1. Die Neuregelung des § 288 Abs. 5 BGB findet auch auf arbeitsrechtliche Entgeltansprüche Anwendung.
2. Eine Bereichsausnahme für das Arbeitsrecht ist nicht aufgrund der Wertung des§ 12a ArbGG geboten. Es fehlt an einer für eine Analogie zu § 12a ArbGG erforderlichen planwidrigen Regelungslücke.

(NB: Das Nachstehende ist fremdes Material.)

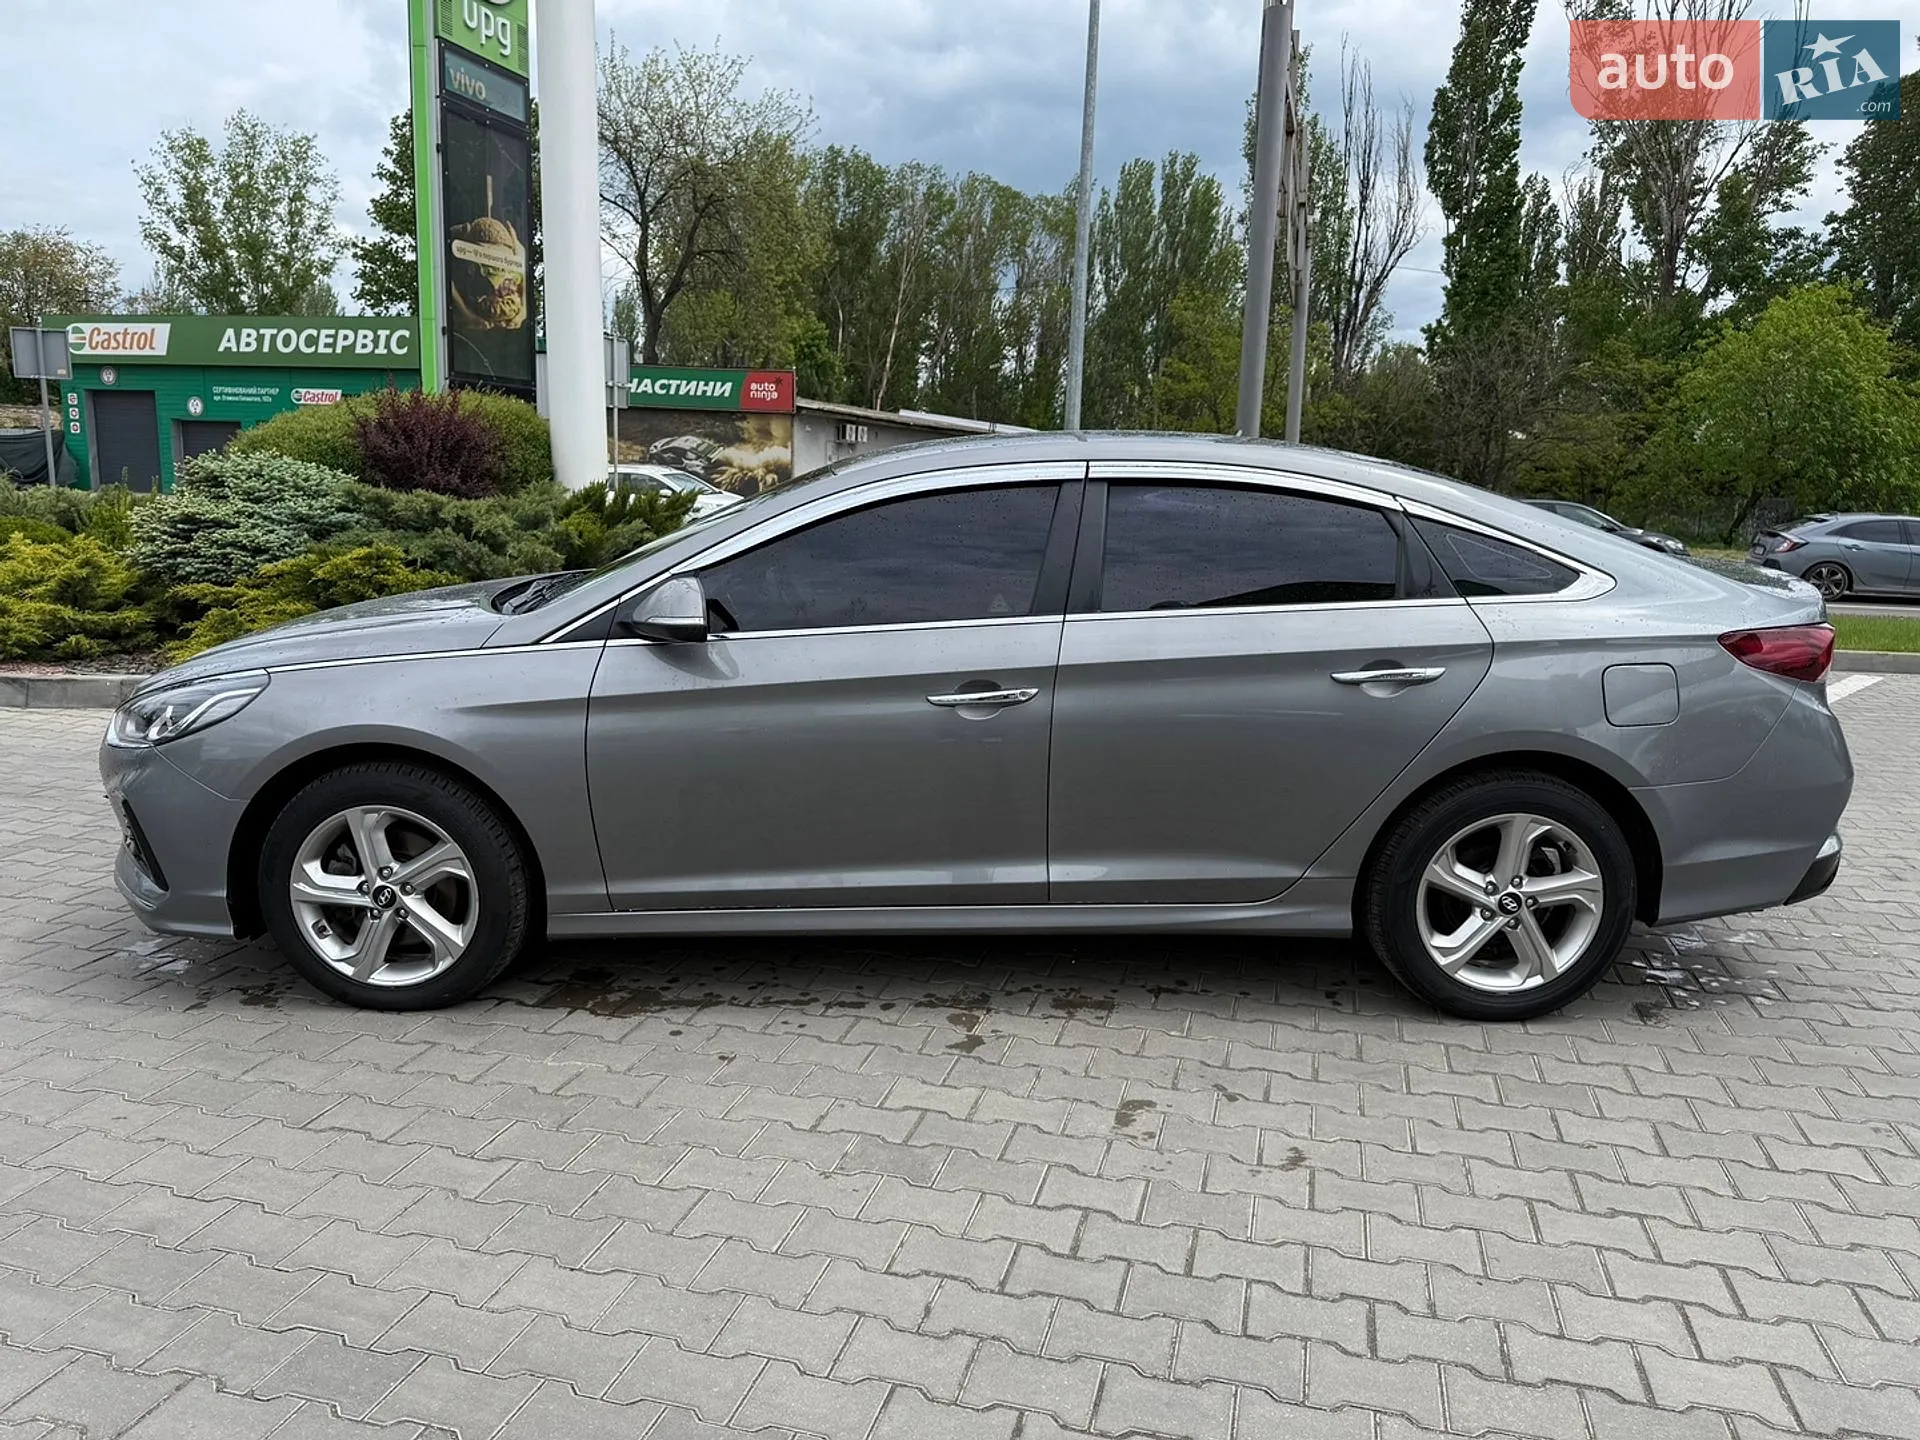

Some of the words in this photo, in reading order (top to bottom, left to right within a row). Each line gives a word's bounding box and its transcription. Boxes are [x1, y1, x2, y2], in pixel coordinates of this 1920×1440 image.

[464, 0, 511, 56] upg
[449, 67, 486, 100] vivo
[88, 326, 156, 351] Castrol
[217, 328, 411, 355] АВТОСЕРВІС
[303, 391, 339, 403] Castrol
[750, 382, 776, 391] auto
[750, 390, 778, 401] ninja

3. Die systematische Einordnung des § 288 Abs. 5 Satz 1 BGB im Zusammenhang mit den – unzweifelhaft auch auf Arbeitsentgeltansprüche anwendbaren – gesetzlichen Regelungen zum Verzugszins sowie dem weitergehenden Verzugsschaden gebietet eine Anwendung auch auf Arbeitsentgeltansprüche.

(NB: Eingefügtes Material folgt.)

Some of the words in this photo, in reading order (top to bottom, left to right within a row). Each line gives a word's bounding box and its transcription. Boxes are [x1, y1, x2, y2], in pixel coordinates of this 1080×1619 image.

4. Gleiches gilt für den Zweck der Vorschrift des § 288 Abs. 5 Satz 1 BGB, den Druck auf potentiell säumige Schuldner zu erhöhen, ihren Zahlungsverpflichtungen pünktlich und vollständig nachzukommen. Diese Zweckrichtung besteht gerade auch bei Arbeitsentgeltansprüchen.
5. Die Ausnahmevorschrift des § 288 Abs. 5 Satz 3 BGB betrifft nur den – bei Arbeitsentgeltforderungen nicht bestehenden – außergerichtlichen Kostenerstattungsanspruch für Rechtsverfolgungskosten, nicht aber einen – nach dem Arbeitsgerichtsgesetz im zweitinstanzlichen Berufungsverfahrenbestehenden – prozessualen Kostenerstattungsanspruch.